WHAT YOU SHOULD DO: Restate the listing that follows word for word, without its pictures.

(RECORD SET Opens)

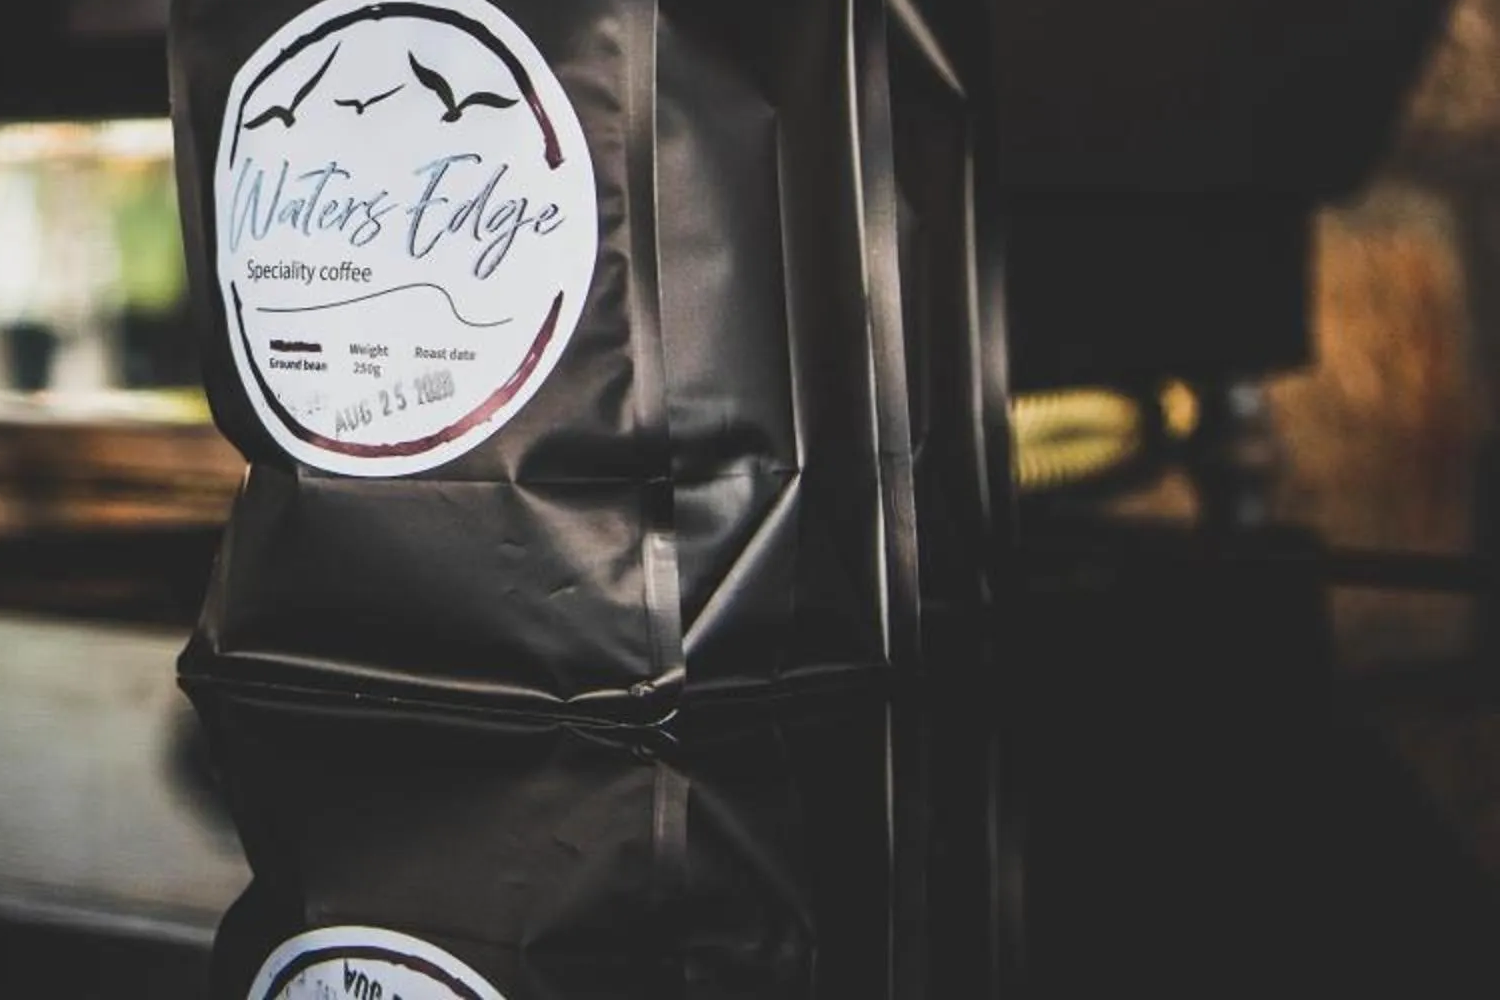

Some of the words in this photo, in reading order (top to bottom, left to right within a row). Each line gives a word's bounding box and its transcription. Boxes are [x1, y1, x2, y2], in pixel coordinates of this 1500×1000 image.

[230, 157, 398, 251] Waters
[405, 153, 565, 280] Edge
[247, 258, 316, 286] Speciality
[319, 260, 373, 282] coffee
[349, 343, 389, 359] Weight
[414, 346, 447, 360] Roast
[449, 347, 476, 361] date
[269, 358, 302, 371] Ground
[303, 359, 328, 372] bean
[336, 402, 373, 434] AUG

(RECORD SET Closes)

RESULT OF THE TASK:
Some of the words in this photo, in reading order (top to bottom, left to right within a row). Each line gives a word's bounding box and its transcription. Boxes are [x1, y1, x2, y2], in pixel coordinates of this 1500×1000 image.

[230, 157, 398, 251] Waters
[405, 153, 565, 280] Edge
[247, 258, 316, 286] Speciality
[319, 260, 373, 282] coffee
[349, 343, 389, 359] Weight
[414, 346, 447, 360] Roast
[449, 347, 476, 361] date
[269, 358, 302, 371] Ground
[303, 359, 328, 372] bean
[336, 402, 373, 434] AUG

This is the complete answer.